Installing a second hard drive to your computer can increase system performance and storage capacity exponentially. The majority of mass-produced computers have IDE (PATA) or SATA (Serial ATA) wiring to connect hard drives to the motherboard.
Most operating systems support either kind of hard drive in conjunction with the hard drive already installed on the computer. Contrary to popular belief, installing a second drive does not require a professional technical background to accomplish the task successfully.
In fact, installing a second hard drive only requires additional case screws and a screwdriver. Troubleshooting may require the aid of a professional. Remember to always refer to the owner manual of your computer system when in doubt.
Follow These Steps to Install a Second Hard Drive on Your System:
- Create backup copies of data stored on the primary device. Shut down the computer and then unplug it. Refer to the owner manual for instructions on how to open the console. Be sure to touch something metal to prevent static charge.

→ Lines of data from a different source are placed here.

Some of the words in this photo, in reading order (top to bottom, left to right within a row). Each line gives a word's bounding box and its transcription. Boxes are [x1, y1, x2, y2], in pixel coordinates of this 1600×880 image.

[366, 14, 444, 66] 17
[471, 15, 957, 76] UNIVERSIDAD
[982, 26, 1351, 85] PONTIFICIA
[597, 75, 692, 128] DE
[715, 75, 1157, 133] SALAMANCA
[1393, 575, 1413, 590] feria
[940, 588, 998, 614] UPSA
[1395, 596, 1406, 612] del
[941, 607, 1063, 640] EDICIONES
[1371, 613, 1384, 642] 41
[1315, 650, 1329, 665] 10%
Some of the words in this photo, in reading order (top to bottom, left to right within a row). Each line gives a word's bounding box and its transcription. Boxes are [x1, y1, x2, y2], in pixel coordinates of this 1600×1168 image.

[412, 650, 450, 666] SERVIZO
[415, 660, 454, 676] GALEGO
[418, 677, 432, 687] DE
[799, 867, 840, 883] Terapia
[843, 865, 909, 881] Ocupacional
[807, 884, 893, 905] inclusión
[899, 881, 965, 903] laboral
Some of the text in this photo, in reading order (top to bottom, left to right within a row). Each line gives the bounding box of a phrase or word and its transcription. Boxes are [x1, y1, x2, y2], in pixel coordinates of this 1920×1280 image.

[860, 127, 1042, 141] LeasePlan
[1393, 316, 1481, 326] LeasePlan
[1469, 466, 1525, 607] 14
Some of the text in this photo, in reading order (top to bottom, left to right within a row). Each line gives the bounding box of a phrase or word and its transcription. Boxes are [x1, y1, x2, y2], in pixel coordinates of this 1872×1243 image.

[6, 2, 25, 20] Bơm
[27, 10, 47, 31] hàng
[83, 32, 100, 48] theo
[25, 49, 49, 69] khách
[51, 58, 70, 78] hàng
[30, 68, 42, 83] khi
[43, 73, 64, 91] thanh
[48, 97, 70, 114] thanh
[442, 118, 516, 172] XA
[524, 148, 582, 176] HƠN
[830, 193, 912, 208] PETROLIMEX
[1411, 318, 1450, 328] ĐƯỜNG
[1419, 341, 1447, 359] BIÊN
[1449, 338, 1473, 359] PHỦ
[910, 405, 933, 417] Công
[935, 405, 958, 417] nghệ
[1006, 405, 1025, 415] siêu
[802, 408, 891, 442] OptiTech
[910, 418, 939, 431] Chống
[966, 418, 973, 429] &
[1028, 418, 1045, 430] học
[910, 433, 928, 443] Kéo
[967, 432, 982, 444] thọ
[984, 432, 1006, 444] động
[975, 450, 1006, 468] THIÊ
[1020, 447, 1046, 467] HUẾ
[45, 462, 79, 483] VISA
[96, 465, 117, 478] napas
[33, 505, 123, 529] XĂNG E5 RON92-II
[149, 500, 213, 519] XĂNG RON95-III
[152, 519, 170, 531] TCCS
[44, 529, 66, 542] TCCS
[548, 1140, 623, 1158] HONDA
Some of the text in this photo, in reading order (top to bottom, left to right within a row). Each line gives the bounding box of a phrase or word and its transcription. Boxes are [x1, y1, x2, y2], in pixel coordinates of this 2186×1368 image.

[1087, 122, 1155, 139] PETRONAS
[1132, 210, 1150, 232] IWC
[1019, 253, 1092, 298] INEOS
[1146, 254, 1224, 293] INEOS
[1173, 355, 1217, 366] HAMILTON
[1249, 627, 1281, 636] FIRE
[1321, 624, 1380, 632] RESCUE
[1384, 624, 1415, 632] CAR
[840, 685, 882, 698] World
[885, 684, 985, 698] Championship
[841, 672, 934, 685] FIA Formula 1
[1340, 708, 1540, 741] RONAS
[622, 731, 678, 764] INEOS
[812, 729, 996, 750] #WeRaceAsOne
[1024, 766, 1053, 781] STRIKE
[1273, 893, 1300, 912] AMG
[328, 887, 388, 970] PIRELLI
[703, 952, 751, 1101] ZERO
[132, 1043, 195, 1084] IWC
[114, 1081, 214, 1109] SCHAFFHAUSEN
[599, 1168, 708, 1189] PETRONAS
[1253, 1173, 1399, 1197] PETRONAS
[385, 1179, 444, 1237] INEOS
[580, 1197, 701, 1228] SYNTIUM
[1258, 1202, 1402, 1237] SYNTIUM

- Refer to the owner manual to find out the kind of cable system your computer uses before buying a second hard drive. In general, IDE drives use 2-inch flat cables with three or more connectors. SATA drives use thin and round cables that can only connect to one drive.
- Refer to the diagram printed on the second drive label for instructions on how to set the jumpers. Jumpers are tiny connectors that can be found on IDE drives. Jumpers help set drive importance. Set the jumpers to “Slave (IDE2)” on the second drive. In addition, set the jumpers on the main hard drive to “Master (IDE1).” Move on to step 4 if you purchased a SATA drive. They do not require jumpers.
- Locate an empty drive bay to place the second hard drive. Slide the new hard drive into the bay gently. Use two case screws on each side to attach the new hard drive to the metal housing. Connect IDE drives to the second connector located on the main drive’s cable. Connect SATA drives from one end of the cable to the main drive and then connect the other end to an open SATA connector on the motherboard.
- Grab the power cable and plug it into the hard drive. Replace the cover to the computer. Plug the computer back into the electrical outlet. Restart the computer. Press F1, F2, F10, or the Delete key to enter the BIOS. Check to see if both drives are being recognized by the system. Troubleshoot as necessary.
Following these basic steps will set you on the right track to installing a second drive. The benefits will be worth your time. Using your second hard drive for virtual memory is one way to increase system performance. This will also free up room for media and other computer-based activity that requires a lot of hard drive space.